A  user of instrumentalities

While we are at it, we ought to re open that Benghazi investigation, and wouldn't you like to know if vaccines really do cause autism? 

Space Aliens Confess All To President Trump!

What I want to know is what President Obama's wire tap on Trump Tower has to do with McCarthyism.

I get the Watergate comparison--you know, the President goes outside the FBI, CIA and NSA to hire some G. Gordon Liddy types to wire tap Trump Tower, but McCarthyism?  
McCarthy was all about witch hunts for Communist spies in the Federal government who sold out the United States, when in fact there were no communists in the United States government and certainly none who could have sold out the USA if they had wanted to.

Did Arnold Schwarzenegger have anything to do with the wiretap?

Wait, is this all about connecting dots?  Like maybe Arnold was working for Obama, and sneaked into Trump Tower and planted the bugs, and then Jeff Sessions got told about it and had to recuse himself from the investigation, but Comey wasn't told about it and didn't know about it because he was just closing in on tracking down Obama's REAL birth certificate which shows, very clearly, he is a Muslim born on Mars, and that's why nobody every knew him in school. 

Meanwhile, Hillary Clinton has got herself in trouble with one of the space aliens who was hanging about the State Department around the time of Benghazi, which was why she was so cagey about who she spent the night with after she went home from the office that night. It wasn't General Petraeus. It was that space alien.

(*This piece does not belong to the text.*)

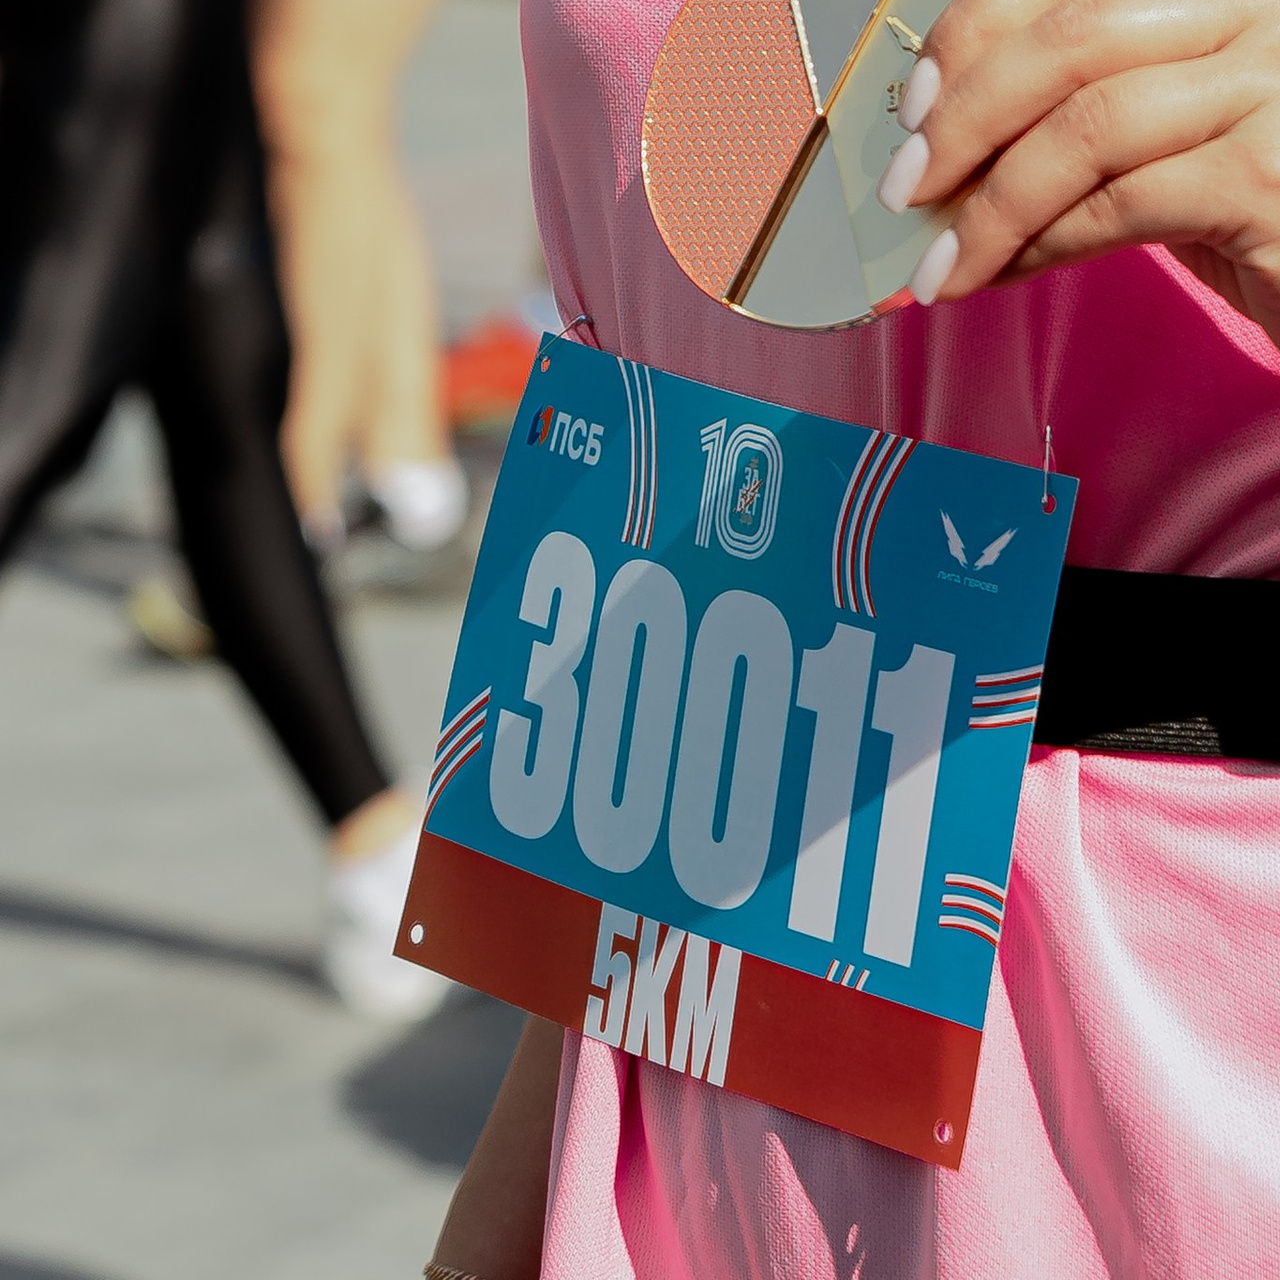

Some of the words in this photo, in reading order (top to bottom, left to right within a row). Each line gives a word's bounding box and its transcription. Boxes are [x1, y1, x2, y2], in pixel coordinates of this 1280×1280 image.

[549, 411, 605, 466] ПСБ
[695, 418, 783, 560] 10
[489, 531, 957, 969] 30011

Obama is just so bad, or sick, or both. Very sick. Incredibly sick, actually.
It is just so incredible. President Trump has all the best words, like "incredible."  Ever think about that?  He says something and then he says "it's just incredible." So he's telling you, actually, he does not think whatever he said is credible. 
So what are we getting so upset about?

I am going to set my alarm for 5 AM every morning so I can get my coffee, turn on my computer and read President Trump's morning tweet.  He is going to put Fox News and the National Enquirer out of business. Who needs them when you've got the Presidential tweet?  First there was FDR and the fireside chats. Not we've got those incredible tweets. So Presidential. Really. I can hardly wait.